ABOUT THIS TASK:
Give back the line that contains "Some of the words" and every following line, exactly as they appear, through the end of the data.
▼
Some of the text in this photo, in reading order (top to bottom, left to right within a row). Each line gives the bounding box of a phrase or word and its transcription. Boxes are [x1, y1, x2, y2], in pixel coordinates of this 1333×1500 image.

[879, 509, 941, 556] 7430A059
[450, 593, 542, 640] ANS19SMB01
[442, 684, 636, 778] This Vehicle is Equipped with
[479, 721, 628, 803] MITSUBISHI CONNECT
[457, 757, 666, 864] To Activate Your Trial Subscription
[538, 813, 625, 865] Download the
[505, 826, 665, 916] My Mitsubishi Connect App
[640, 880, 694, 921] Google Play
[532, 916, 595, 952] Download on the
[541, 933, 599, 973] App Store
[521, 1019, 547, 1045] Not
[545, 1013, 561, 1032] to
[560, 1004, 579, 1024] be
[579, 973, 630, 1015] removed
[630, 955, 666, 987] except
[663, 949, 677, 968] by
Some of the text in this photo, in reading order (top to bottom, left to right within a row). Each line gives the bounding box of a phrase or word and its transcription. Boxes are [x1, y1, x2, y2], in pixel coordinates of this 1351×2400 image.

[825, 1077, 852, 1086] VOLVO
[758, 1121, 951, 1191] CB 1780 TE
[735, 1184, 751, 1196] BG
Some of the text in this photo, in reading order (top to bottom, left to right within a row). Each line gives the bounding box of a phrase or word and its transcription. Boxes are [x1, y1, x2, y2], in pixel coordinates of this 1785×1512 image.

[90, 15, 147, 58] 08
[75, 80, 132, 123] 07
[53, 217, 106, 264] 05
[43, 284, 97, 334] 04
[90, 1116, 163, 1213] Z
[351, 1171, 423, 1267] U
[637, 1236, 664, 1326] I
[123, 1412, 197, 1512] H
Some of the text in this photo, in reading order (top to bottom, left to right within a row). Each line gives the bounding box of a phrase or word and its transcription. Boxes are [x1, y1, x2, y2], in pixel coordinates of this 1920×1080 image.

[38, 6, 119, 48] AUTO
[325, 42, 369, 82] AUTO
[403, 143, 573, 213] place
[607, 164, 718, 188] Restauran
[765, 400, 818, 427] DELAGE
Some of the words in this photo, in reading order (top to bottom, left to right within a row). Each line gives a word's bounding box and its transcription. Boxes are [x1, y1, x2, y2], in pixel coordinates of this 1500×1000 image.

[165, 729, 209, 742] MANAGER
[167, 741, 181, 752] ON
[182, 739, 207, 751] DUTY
▲
COMPLETED EXERCISE:
Some of the words in this photo, in reading order (top to bottom, left to right within a row). Each line gives a word's bounding box and its transcription. Boxes are [x1, y1, x2, y2], in pixel coordinates of this 1500×1000 image.

[165, 729, 209, 742] MANAGER
[167, 741, 181, 752] ON
[182, 739, 207, 751] DUTY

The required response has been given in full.